Currently, ART has been implemented clinically for the brachytherapy part of cervical cancer treatment, whereas for the EBRT, studies investigating the implementation of ART for cervical cancer have been primarily focussed on online ART, adapting for daily anatomical variations [9, 10]. Current studies that have investigated offline ART for cervical cancer have been performed retrospectively, with either a single or weekly replan occurring [14,15,16]. Besides Lim et al.’s dosimetrically triggered replanning method, no specific triggers have been utilised and overall, no anatomical triggers have been identified or used. An anatomical trigger could be determined using only acquired imaging, without the need for generation of a new treatment plan for every image. Our study shows that the changes to the superior-inferior position and volume of the bowel, as well as posterior-anterior position of the CTV-T-HR could be potentially used to trigger treatment replans to improve dosimetric outcomes.

A limitation of this study was the use of retrospective data consisting of a mid-treatment MRI with a smaller FOV that did not image the entirety of the bowel. This resulted in only changes within the FOV visualised. Therefore, the inferior shift of the bowel, which occurred likely due to the decrease in GTV during treatment, resulted in the overall bowel volume increasing. The reason for this increase in bowel volume does not hinder the results obtained as seen by the dosimetric changes measured in this study. Whilst most OARs measure the amount of volume receiving a specific dose as percentage of the total volume (e.g. V30Gy (%)), we measure the bowel volume receiving a specific dose in cubic centimetres (e.g. V30Gy (cc)). Therefore, although the volume of the bowel increases due to imaging and delineation methods, the part of the bowel within the MRI FOV where the volume changes occur, is also the part of the bowel within the treatment field. So, any changes within the MRI FOV are also most commonly the changes within treatment field, therefore our results of dosimetric changes to the bowel are still valid.

Another limitation of this study was the delineation method of the ITV. Since the mid-treatment imaging consisted of only one MRI with an “comfortably” full bladder, the mid-treatment ITV was generated using a margin-based approach. Whereas the pre-treatment ITV was based on the full- and empty-bladder MRIs.

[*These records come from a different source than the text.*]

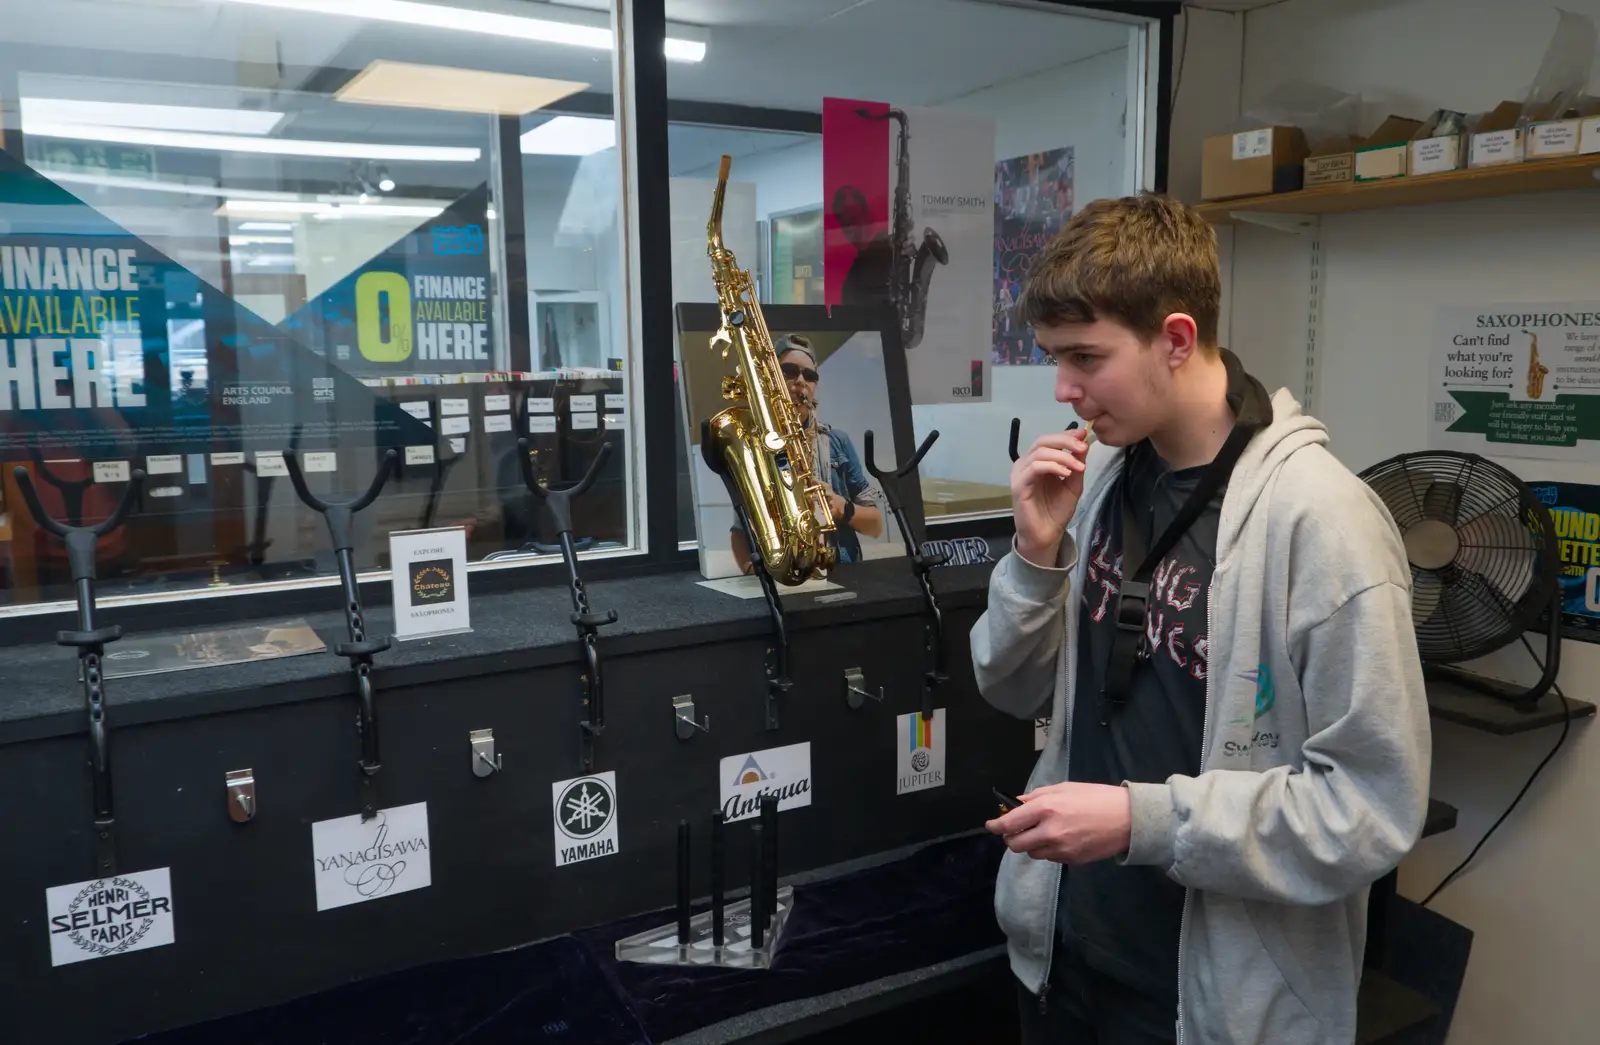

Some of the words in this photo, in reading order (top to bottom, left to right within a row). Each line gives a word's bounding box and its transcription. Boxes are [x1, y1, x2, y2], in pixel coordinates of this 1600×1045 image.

[922, 195, 955, 206] TOMMY
[957, 196, 986, 207] SMITH
[0, 245, 139, 291] INANCE
[414, 275, 486, 300] FINANCE
[416, 301, 487, 321] AVAILABLE
[1476, 312, 1600, 328] SAXOPHONES
[416, 323, 489, 360] HERE
[1453, 334, 1484, 346] Can't
[1487, 333, 1510, 346] find
[1565, 332, 1578, 341] We
[1447, 350, 1476, 362] what
[1478, 352, 1514, 365] you're
[0, 338, 147, 411] HERE
[1444, 366, 1489, 381] looking
[1492, 366, 1514, 379] for?
[222, 386, 249, 396] ARTS
[251, 385, 293, 395] COUNCIL
[313, 388, 335, 397] arts
[952, 387, 971, 397] RICO
[222, 396, 271, 405] ENGLAND
[1505, 401, 1518, 409] ask
[1566, 403, 1576, 411] of
[1502, 410, 1530, 422] friendly
[1530, 412, 1548, 421] staff
[1549, 413, 1564, 421] and
[1511, 421, 1534, 432] happy
[1545, 422, 1561, 434] help
[1563, 425, 1578, 434] you
[1530, 434, 1544, 442] you
[413, 547, 444, 555] EXPLORE
[414, 581, 450, 590] Chateau
[410, 608, 455, 618] SAXOPHONES
[899, 771, 943, 792] JUPITER
[316, 838, 428, 872] YANAGISAWA
[561, 838, 615, 863] YAMAHA
[88, 888, 130, 908] HENRI
[51, 896, 171, 934] SELMER
[91, 922, 134, 943] PARIS
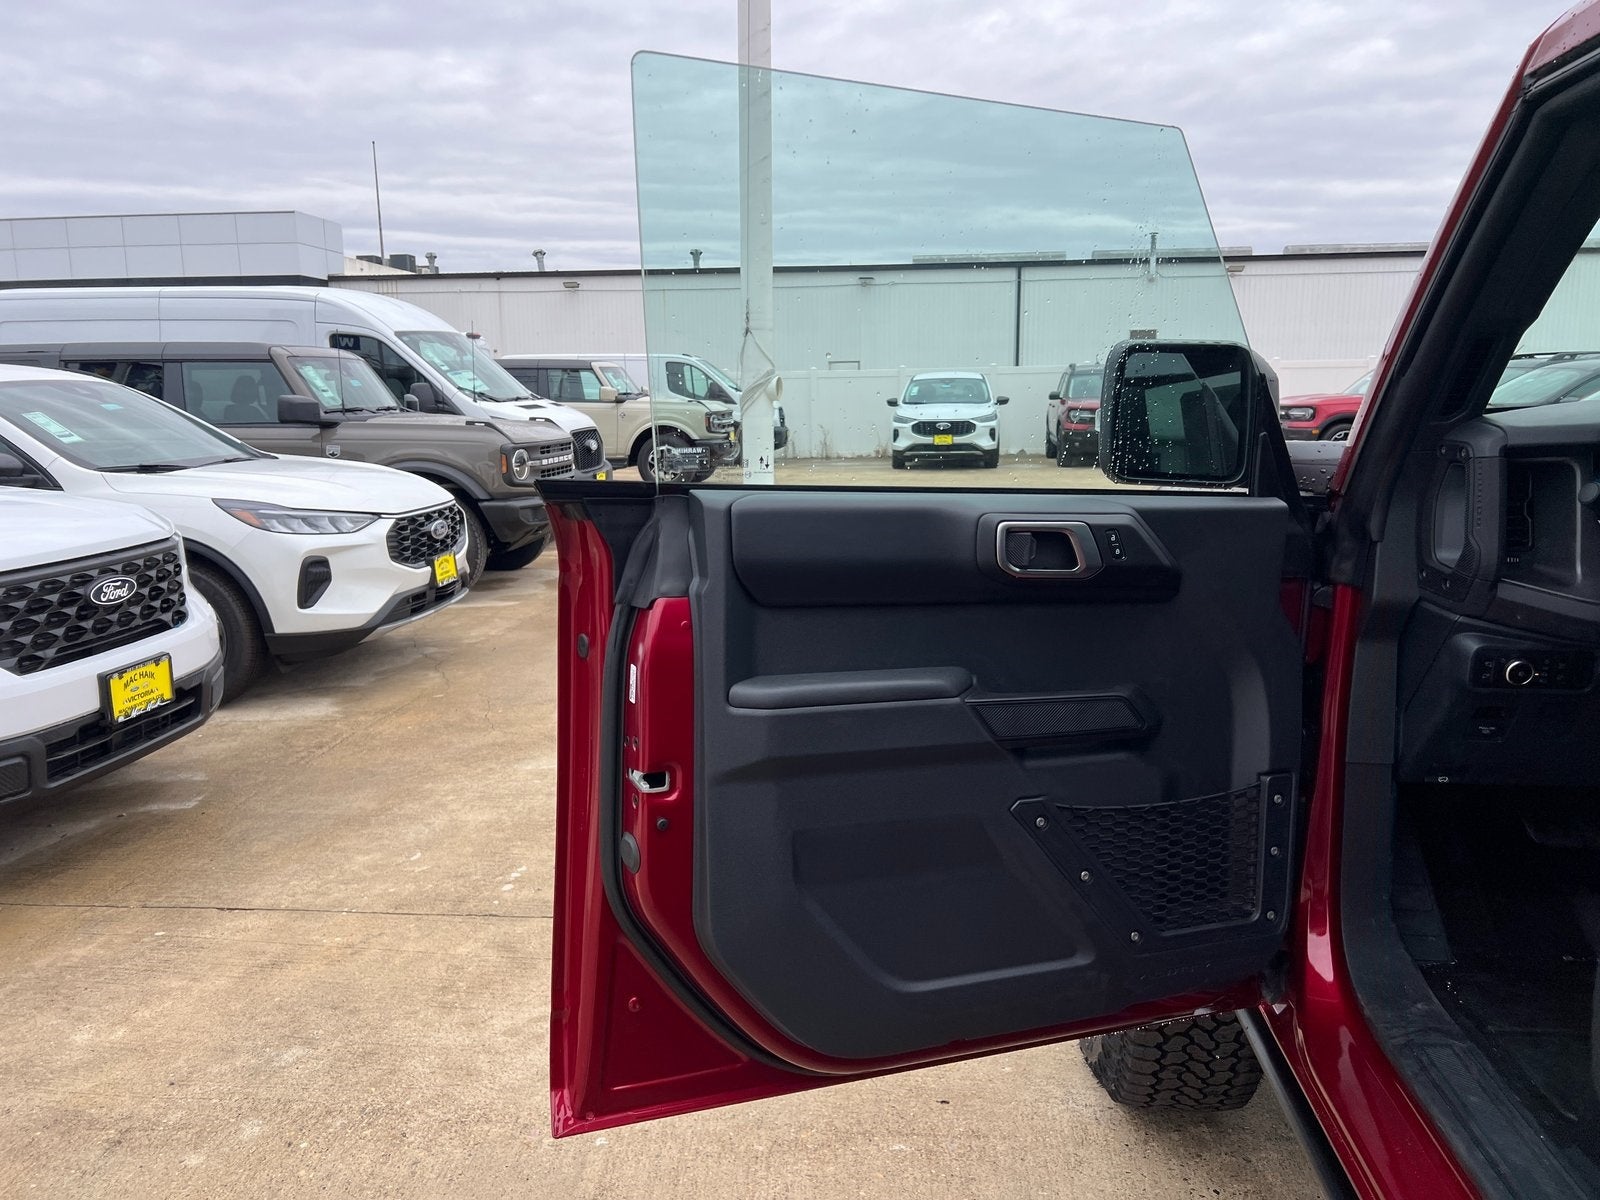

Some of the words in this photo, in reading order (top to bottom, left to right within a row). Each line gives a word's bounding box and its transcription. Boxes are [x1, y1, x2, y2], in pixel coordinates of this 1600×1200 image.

[100, 581, 129, 601] Ford
[123, 673, 138, 691] MAC
[138, 670, 156, 681] HAIK
[125, 688, 155, 705] VICTORIA
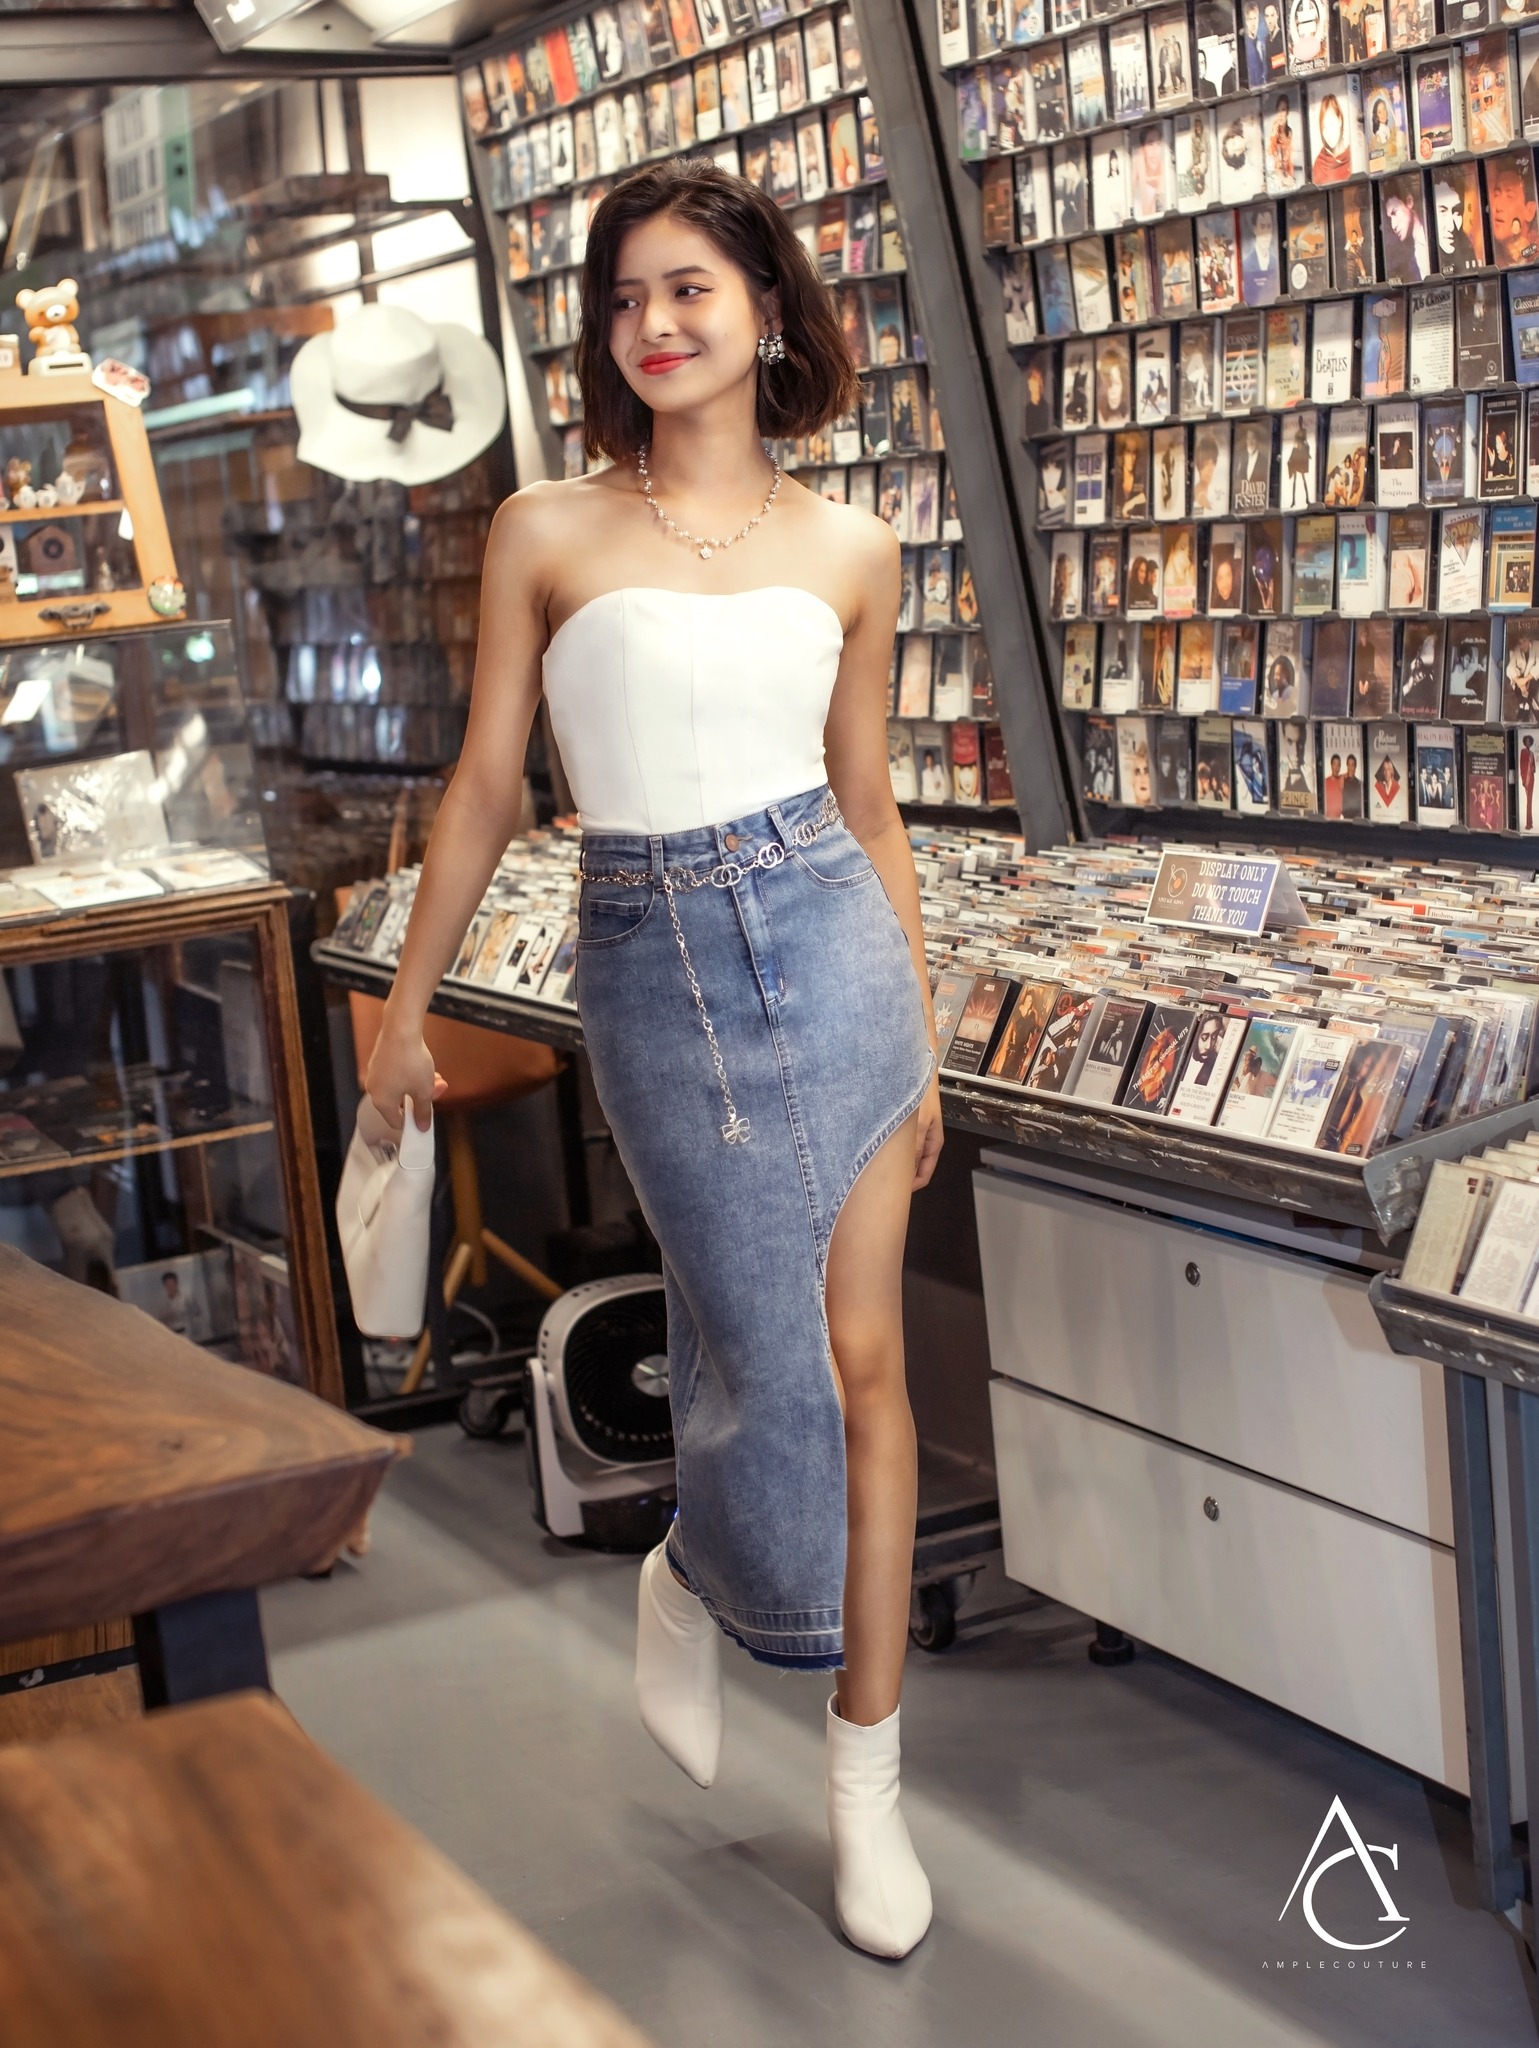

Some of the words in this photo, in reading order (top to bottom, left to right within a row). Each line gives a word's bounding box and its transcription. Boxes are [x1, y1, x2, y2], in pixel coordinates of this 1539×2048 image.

[1316, 349, 1348, 378] BEATLES
[1241, 479, 1266, 495] DAVID
[1235, 493, 1266, 509] FOSTER
[1281, 793, 1309, 806] PRINCE
[1199, 861, 1239, 879] DISPLAY
[1240, 864, 1267, 882] ONLY
[1191, 883, 1205, 898] DO
[1206, 885, 1229, 901] NOT
[1229, 886, 1262, 905] TOUCH
[1192, 905, 1225, 923] THANK
[1226, 909, 1248, 926] YOU
[1132, 1079, 1142, 1090] THE
[1177, 1026, 1189, 1041] HITS

This is likely one of the reasons for the decrease in target coverage of the ITV and PTV as the shape of the mid-treatment contour often changed relative to the pre-treatment contours, as seen in Fig. 2. Regardless of the delineation method of the ITV and PTV, the target coverage of the GTV and CTV remained adequate.

Additionally, the sample size of this study was relatively small with data from 11 patients sourced. With an increase in sample size, a better overall picture could be obtained, and correlations between anatomical and dosimetric changes could be further highlighted and strengthened. Furthermore, carrying out this investigation across multiple institutions would further enhance the outcomes observed in this study, although the results in this paper have allowed for valuable insights into some potential triggers of adaptive radiotherapy.

Conclusion

Changes in bowel dose were seen at treatment mid-point, but not for other OARs. The change in the volume and position of the bowel in the superior-inferior direction and change in position of the CTV-T-HR in the posterior-anterior direction demonstrated high correlation with associated dosimetric changes and could potentially be used as anatomical triggers to determine the need for plan adaptation for cervical cancer patients. This could provide an approach for determining patients who would benefit from a replan.